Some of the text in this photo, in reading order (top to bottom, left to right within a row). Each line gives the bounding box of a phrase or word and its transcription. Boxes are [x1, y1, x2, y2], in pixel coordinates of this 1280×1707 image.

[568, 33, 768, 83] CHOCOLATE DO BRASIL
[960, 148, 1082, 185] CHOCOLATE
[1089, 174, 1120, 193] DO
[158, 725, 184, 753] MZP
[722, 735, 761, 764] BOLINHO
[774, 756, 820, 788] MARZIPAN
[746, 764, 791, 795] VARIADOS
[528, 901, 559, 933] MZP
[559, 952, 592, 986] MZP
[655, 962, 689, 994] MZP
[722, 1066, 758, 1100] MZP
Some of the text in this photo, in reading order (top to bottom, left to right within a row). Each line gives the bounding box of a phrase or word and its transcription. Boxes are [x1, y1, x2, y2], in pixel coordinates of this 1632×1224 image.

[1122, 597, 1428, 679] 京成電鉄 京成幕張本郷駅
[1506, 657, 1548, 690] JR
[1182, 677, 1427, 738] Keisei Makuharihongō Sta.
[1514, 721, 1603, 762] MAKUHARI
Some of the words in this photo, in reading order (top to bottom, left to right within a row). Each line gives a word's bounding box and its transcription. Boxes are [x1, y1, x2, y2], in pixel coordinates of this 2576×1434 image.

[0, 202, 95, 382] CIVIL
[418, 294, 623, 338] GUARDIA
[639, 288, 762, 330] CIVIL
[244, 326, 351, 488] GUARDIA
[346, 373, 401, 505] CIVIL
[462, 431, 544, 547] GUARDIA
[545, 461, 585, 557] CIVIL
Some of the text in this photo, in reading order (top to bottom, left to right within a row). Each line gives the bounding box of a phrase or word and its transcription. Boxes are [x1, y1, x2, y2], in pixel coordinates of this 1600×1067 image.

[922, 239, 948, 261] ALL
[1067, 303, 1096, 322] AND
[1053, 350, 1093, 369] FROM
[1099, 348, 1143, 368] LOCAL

========

* Work request
Give back all the material, with each line exactly as it stands.

* Task response
Some of the text in this photo, in reading order (top to bottom, left to right within a row). Each line gives the bounding box of a phrase or word and its transcription. Boxes are [x1, y1, x2, y2], in pixel coordinates of this 1280×1707 image.

[568, 33, 768, 83] CHOCOLATE DO BRASIL
[960, 148, 1082, 185] CHOCOLATE
[1089, 174, 1120, 193] DO
[158, 725, 184, 753] MZP
[722, 735, 761, 764] BOLINHO
[774, 756, 820, 788] MARZIPAN
[746, 764, 791, 795] VARIADOS
[528, 901, 559, 933] MZP
[559, 952, 592, 986] MZP
[655, 962, 689, 994] MZP
[722, 1066, 758, 1100] MZP
Some of the text in this photo, in reading order (top to bottom, left to right within a row). Each line gives the bounding box of a phrase or word and its transcription. Boxes are [x1, y1, x2, y2], in pixel coordinates of this 1632×1224 image.

[1122, 597, 1428, 679] 京成電鉄 京成幕張本郷駅
[1506, 657, 1548, 690] JR
[1182, 677, 1427, 738] Keisei Makuharihongō Sta.
[1514, 721, 1603, 762] MAKUHARI
Some of the words in this photo, in reading order (top to bottom, left to right within a row). Each line gives a word's bounding box and its transcription. Boxes are [x1, y1, x2, y2], in pixel coordinates of this 2576×1434 image.

[0, 202, 95, 382] CIVIL
[418, 294, 623, 338] GUARDIA
[639, 288, 762, 330] CIVIL
[244, 326, 351, 488] GUARDIA
[346, 373, 401, 505] CIVIL
[462, 431, 544, 547] GUARDIA
[545, 461, 585, 557] CIVIL
Some of the text in this photo, in reading order (top to bottom, left to right within a row). Each line gives the bounding box of a phrase or word and its transcription. Boxes are [x1, y1, x2, y2], in pixel coordinates of this 1600×1067 image.

[922, 239, 948, 261] ALL
[1067, 303, 1096, 322] AND
[1053, 350, 1093, 369] FROM
[1099, 348, 1143, 368] LOCAL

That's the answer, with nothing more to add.